Secret recording leaves One Nation scrambling to explain

SBS World News Radio: One National leader Pauline Hanson and her top aide James Ashby are denying they tried to cheat One Nation candidates at the upcoming Queensland state election.

Radio News Feature Service: Secret recording leaves One Nation scrambling to explain

Radio News Feature Service: Secret recording leaves One Nation scrambling to explain Source: AAP

A secret recording, published by The Courier Mail newspaper in Brisbane, suggests One Nation chief of staff James Ashby floated a plan to profit off of the Queensland election.

"I've said this once before, there's an opportunity for us to make some money out of this -- if we play this smart. And I know they say you can't make money out of state elections, but you can. And I'll deny I ever said this, but what stops us from getting a middleman?"

He goes on to explain election signs could be sold to One Nation candidates for more than they are worth.

Then One Nation could claim the inflated cost with the Queensland electoral commission.

The party has now gone into damage control following the leaked recording.

Mr Ashby says he regrets his choice of words.

"Oh, it's embarrassing. There's no doubt about that. Poor choice of words on my behalf, no doubt about that. But let's not forget these were secretly recorded conversations in what we thought was an environment where we could safely put any idea on the table and it wouldn't go any further. We have never implemented this idea that was put forward, and it's regretful that, obviously, a poor choice of words on my behalf had to be aired in such a public manner."

One Nation leader Pauline Hanson was also in the room.

She says the party was never going to act on the idea.

"Don't forget I was at that meeting as well.
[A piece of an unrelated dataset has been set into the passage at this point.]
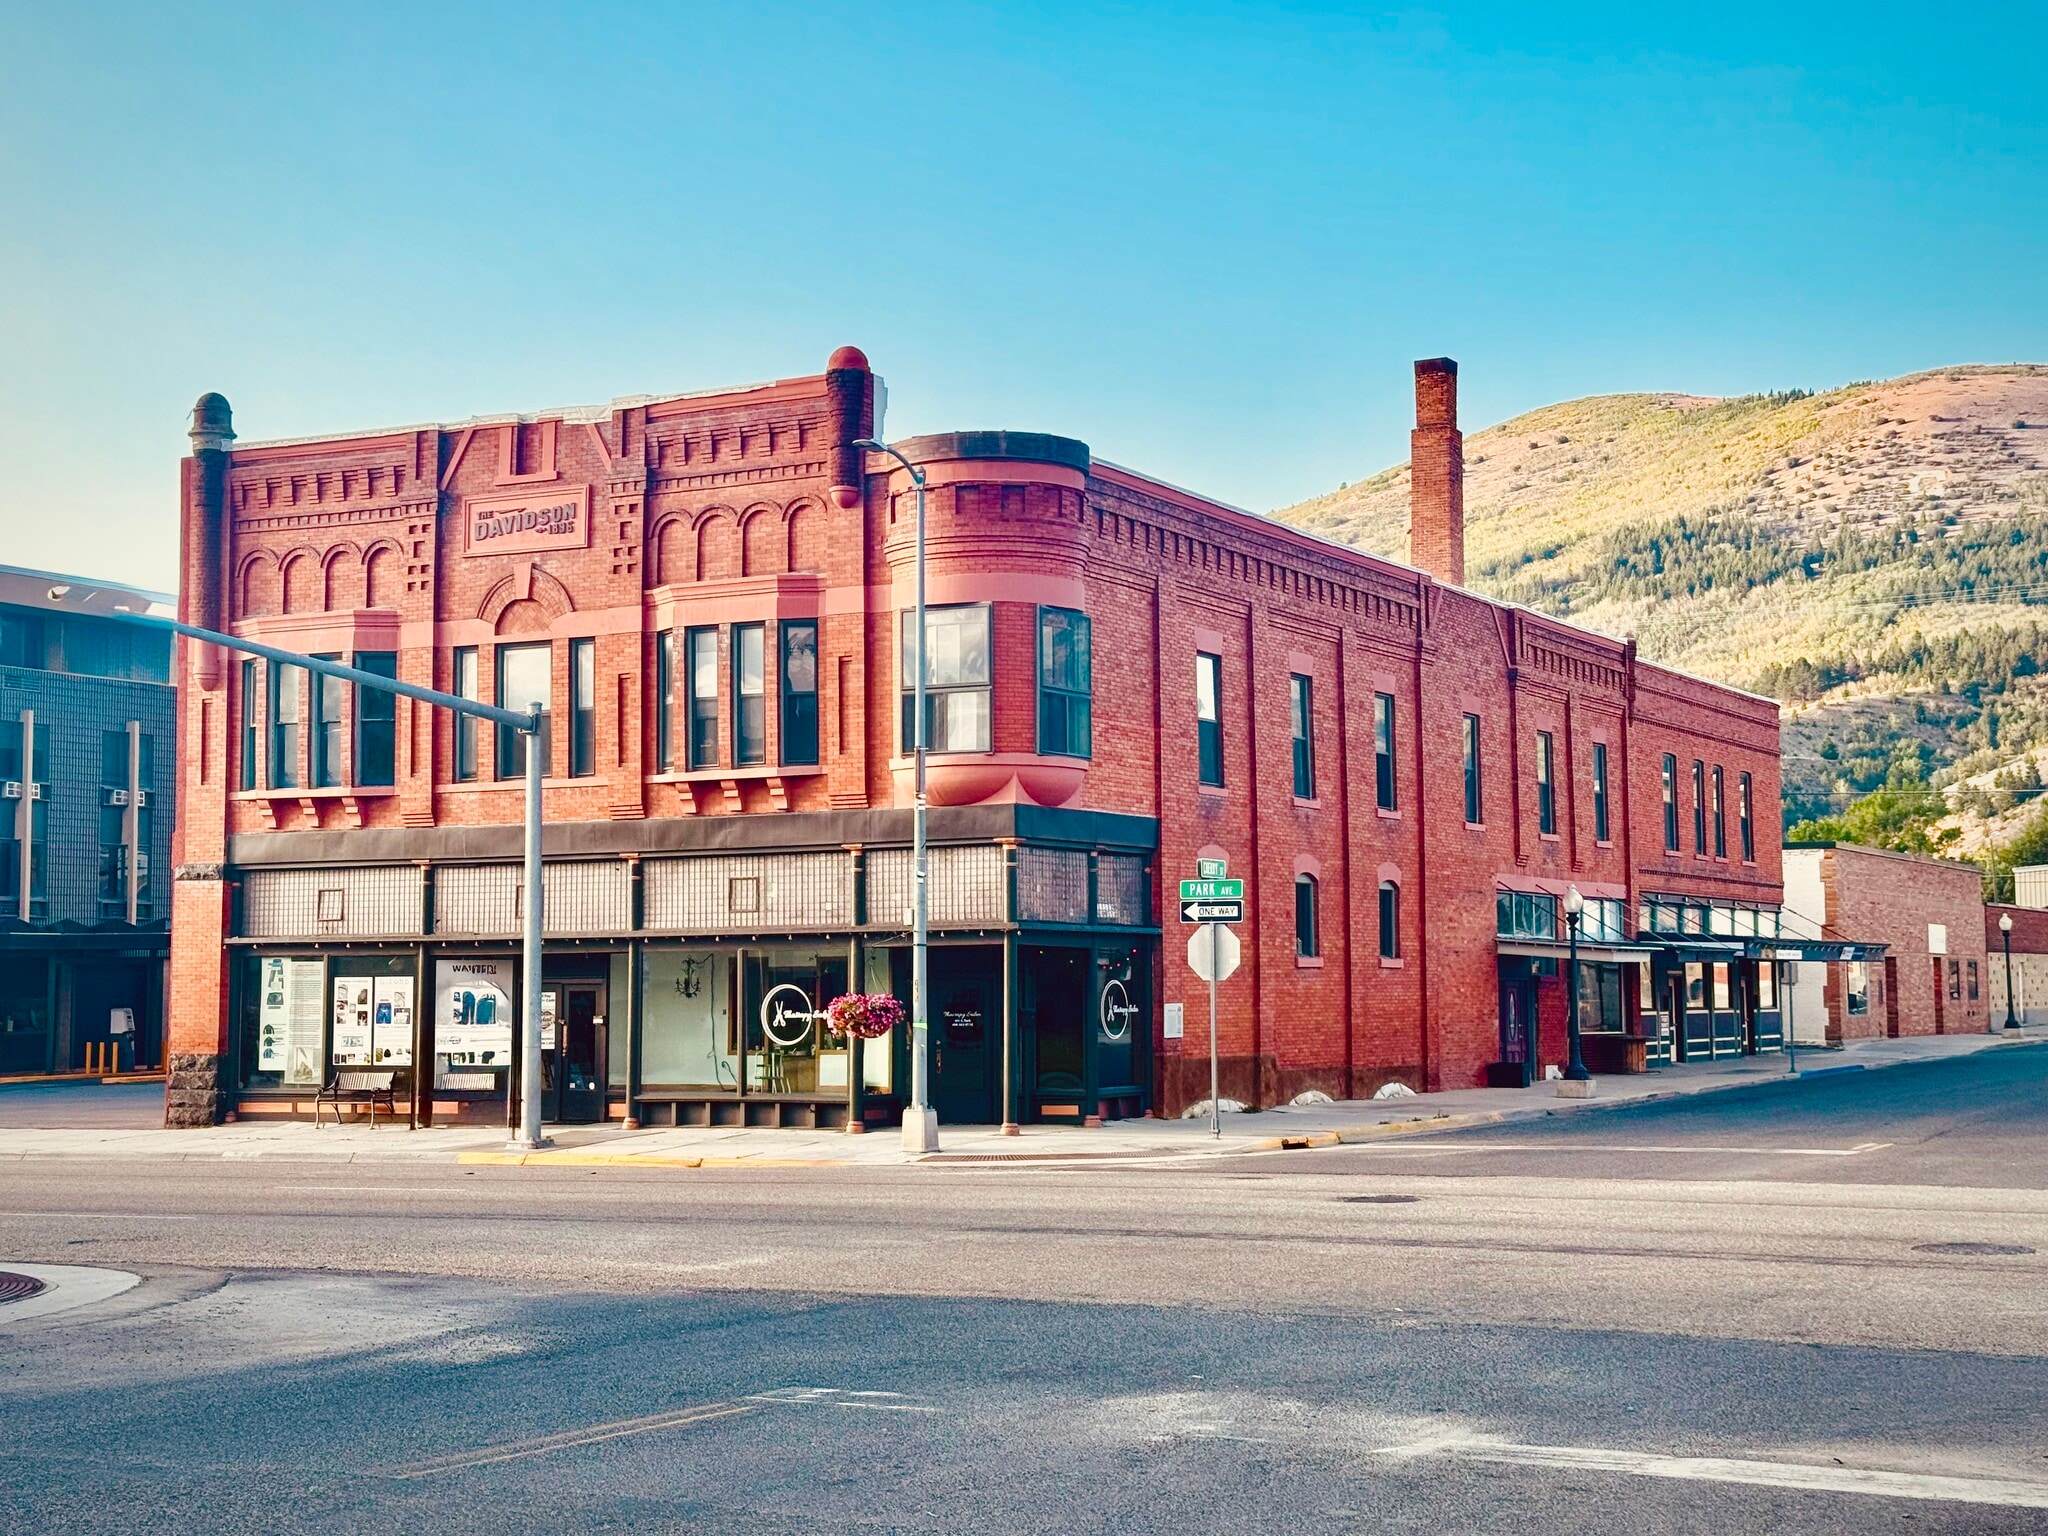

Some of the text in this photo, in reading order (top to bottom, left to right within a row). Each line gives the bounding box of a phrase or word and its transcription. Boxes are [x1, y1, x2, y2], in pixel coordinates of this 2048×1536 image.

You do not have the full recording of that meeting, so you have no idea what was said at the rest of that meeting. We knocked it on the head* at the meeting. It didn't go ahead. That's why. It was an issue that was raised, and it was knocked on the head there and then."

The Courier Mail reports that, several weeks after the recording was made, One Nation asked its Queensland candidates to pay $3,500 for campaign material.

Labor senator Murray Watt says One Nation's claim that it never acted on the plan to overcharge candidates needs to be tested.

He has written a letter to the Queensland police and the state electoral commission, asking them to investigate.

"These are extremely serious allegations, which, if they are true, amount to very serious criminal conduct. They need to be treated that way and need to be properly investigated by police forces."

Prime Minister Malcolm Turnbull says he, too, will be seeking advice on the matter.

"I'll be getting advice from the Federal Police Commissioner and the Minister for Justice and the attorney as we review the media reports in the course of the next day."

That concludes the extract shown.